Третий этапThird stage

Биологическую активность вещества определяют на основании жизнеспособности клеточных популяций в ко-культуре. Берут вещество, биологическую активность которого по отношению к одной из клеточной популяций требуется определить, например пероксид водорода. Пероксид водорода добавляют до конечной концентрации 100…500 мкМ и ко-культуру инкубируют 20 часов в культуральной среде DMEM с добавлением 10% телячьей эмбриональной сыворотки, при температуре 37°C, во влажной атмосфере, содержащей 5% СО2. Биологическую активность исследуемого вещества определяют, например, с помощью проточной флуоресцентной цитометрии [4], например с окраской пропидием иодида. Этот способ определения биологической активности основан на способности пропидия иодида окрашивать ядра только мертвых клеток (красная флюоресценция). Каждая культура клеток состоит из живых и определенного процента мертвых клеток (умирающих в силу естественных причин). Применение окрашивания пропидием иодида позволяет определить процент мертвых клеток в культуре. Увеличение или снижение процента мертвых клеток свидетельствует о понижении или увеличении жизнеспособности клеточной культуры, что соответственно является следствием биологической активности исследуемого вещества.The biological activity of a substance is determined based on the viability of cell populations in co-culture. A substance is taken whose biological activity in relation to one of the cell populations needs to be determined, for example, hydrogen peroxide. Hydrogen peroxide is added to a final concentration of 100 ... 500 μM and the co-culture is incubated for 20 hours in a DMEM culture medium supplemented with 10% calf fetal serum, at a temperature of 37 ° C, in a humid atmosphere containing 5% CO 2 . The biological activity of the test substance is determined, for example, using flow fluorescence cytometry [4], for example, with propidium iodide staining. This method of determining biological activity is based on the ability of propidium iodide to stain the nuclei of only dead cells (red fluorescence). Each cell culture consists of living cells and a certain percentage of dead cells (dying due to natural causes). The use of propidium iodide staining allows you to determine the percentage of dead cells in culture. An increase or decrease in the percentage of dead cells indicates a decrease or increase in the viability of the cell culture, which is accordingly a consequence of the biological activity of the test substance.

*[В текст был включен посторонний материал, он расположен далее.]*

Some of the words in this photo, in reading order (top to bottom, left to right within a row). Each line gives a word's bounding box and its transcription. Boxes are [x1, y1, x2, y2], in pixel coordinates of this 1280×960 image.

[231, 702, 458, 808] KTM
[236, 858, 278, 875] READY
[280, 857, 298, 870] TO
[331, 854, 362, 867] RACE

Приведенный для примера способ с использованием проточный цитометрии позволяет проводить подсчет отдельных клеток, имеющих различные спектры флюоресценции. Определение жизнеспособности клеток меченой популяции проводят по формуле:An example method using flow cytometry allows the counting of individual cells having different fluorescence spectra. Determination of the viability of the cells of the labeled population is carried out according to the formula:

Ж=100 - (K1×100/K2), гдеW = 100 - (K 1 × 100 / K 2 ), where

Ж - процент жизнеспособных клеток;W - percentage of viable cells;

K1 - количество (численность) клеток, меченых зеленым флюоресцентным красителем РКН67 и красным флюоресцентным красителем пропидиум иодидом;K 1 - the number (number) of cells labeled with green fluorescent dye RKH67 and red fluorescent dye propidium iodide;

K2 - количество (численность) клеток, меченых зеленым флюоресцентным красителем РКН67.K 2 - the number (number) of cells labeled with a green fluorescent dye RKH67.

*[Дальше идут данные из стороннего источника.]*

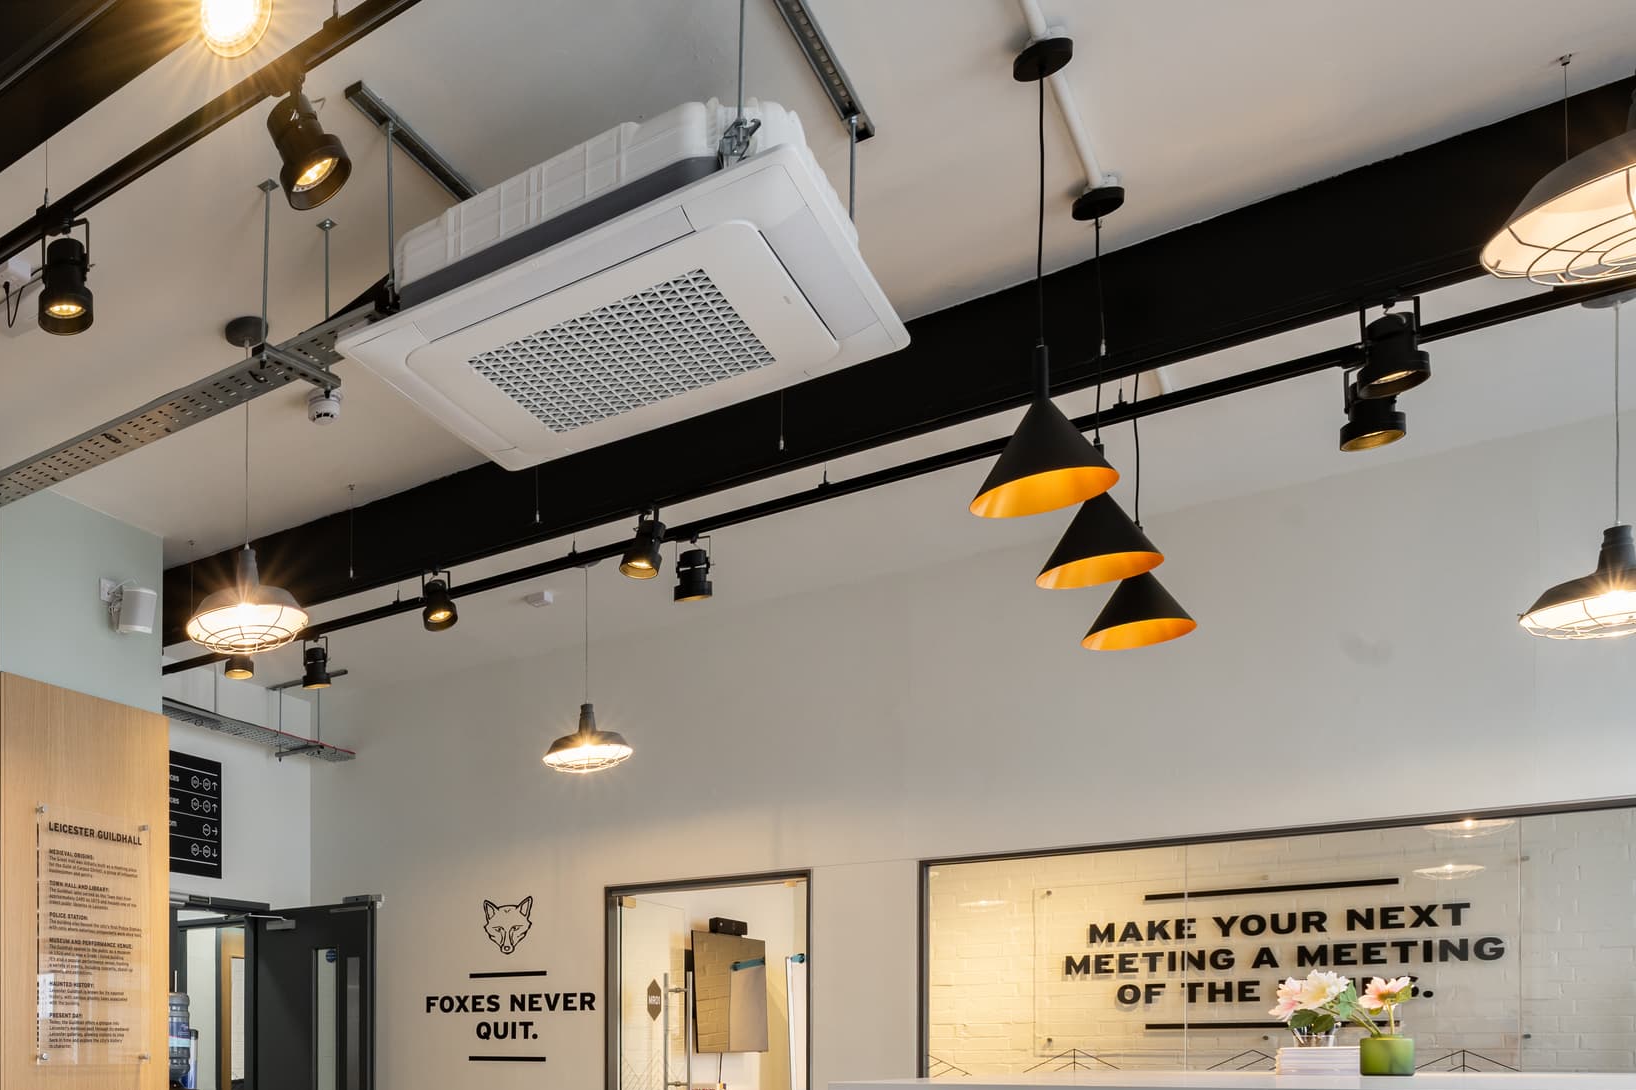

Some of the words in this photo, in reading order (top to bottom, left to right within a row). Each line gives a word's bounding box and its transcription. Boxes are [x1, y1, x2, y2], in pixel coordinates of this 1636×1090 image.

[48, 821, 96, 839] LEICESTER
[97, 829, 143, 847] GUILDHALL
[1088, 917, 1197, 945] MAKE
[1212, 910, 1328, 938] YOUR
[1346, 902, 1471, 931] NEXT
[1065, 949, 1236, 976] MEETING
[1251, 946, 1279, 969] A
[1297, 936, 1506, 968] MEETING
[426, 994, 501, 1014] FOXES
[510, 992, 596, 1012] NEVER
[1117, 983, 1167, 1006] OF
[1181, 981, 1261, 1004] THE
[476, 1021, 538, 1041] QUIT.

Анализ жизнеспособности клеток не меченой популяции осуществляется по аналогичной формуле, в которой значения K1 и K2 соответствуют аналогичным параметрам клеток, не меченых зеленым флюоресцентным красителем РКН67.An analysis of cell viability of an unlabeled population is carried out according to a similar formula in which the values of K 1 and K 2 correspond to similar parameters of cells not labeled with the green fluorescent dye RKH67.

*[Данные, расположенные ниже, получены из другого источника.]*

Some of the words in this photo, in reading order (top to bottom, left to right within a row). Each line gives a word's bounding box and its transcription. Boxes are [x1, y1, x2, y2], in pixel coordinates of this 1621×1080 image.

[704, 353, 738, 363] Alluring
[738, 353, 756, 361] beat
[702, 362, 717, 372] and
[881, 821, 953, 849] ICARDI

Результат определения биологической активности исследуемого вещества - перикиси водорода H2O2 - иллюстрирует Фиг., отражающий анализ жизнеспособности клеток МСК и SH-SY5Y в ко-культуре при добавлении Н2О2. Клетки МСК мечены зеленым красителем РКН67. Клетки SH-SY5Y не меченые. Ось Х - FL3-Height - уровень красной флюоресценции пропидия иодида. Ось У - FL1-Height - уровень зеленой флюоресценции красителя РКН67. Разметочная сетка нанесена для разделения клеточных популяций. Левый нижний угол - жизнеспособные клетки SH-SY5Y; левый верхний угол - жизнеспособные клетки МСК; правый нижний угол - мертвые клетки SH-SY5Y; правый верхний угол - мертвые клетки МСК.The result of determining the biological activity of the test substance - hydrogen peroxide H 2 O 2 - is illustrated in Fig., Reflecting the analysis of cell viability of MSCs and SH-SY5Y in co-culture with the addition of H 2 O 2 . MSC cells are labeled with a green stain RKH67. SH-SY5Y cells are not labeled. X axis - FL3-Height - level of red fluorescence of propidium iodide. Y axis - FL1-Height - level of green fluorescence of RKN67 dye. A marking grid is applied to separate cell populations. Lower left corner - viable SH-SY5Y cells; upper left corner - viable MSC cells; bottom right corner - dead cells SH-SY5Y; upper right corner - dead MSC cells.

Проводя сравнение не подверженного воздействию исследуемого препарата контрольного образца с опытными образцами, подвергшимися воздействию исследуемого вещества в различных концентрациях, в условиях культивирования клеток в виде чистых отдельных культур или в виде ко-культуры делают заключение о влиянии исследуемого препарата на биологические функции определенной клеточной популяции.Comparing the control sample not exposed to the test drug with the experimental samples exposed to the test substance in various concentrations, under the conditions of cell cultivation in the form of pure separate cultures or in the form of a co-culture, a conclusion is drawn on the effect of the test drug on the biological functions of a particular cell population.

Таким образом, пример показывает достижимость цели изобретения - определение цитотоксичности (частный случай биологической активности) вещества к определенной клеточной популяции (SH-SY5Y) в ко-культуре (МСК+раковые клетки SH-SY5Y).Thus, the example shows the attainability of the purpose of the invention is the determination of cytotoxicity (a special case of biological activity) of a substance to a specific cell population (SH-SY5Y) in co-culture (MSC + cancer cells SH-SY5Y).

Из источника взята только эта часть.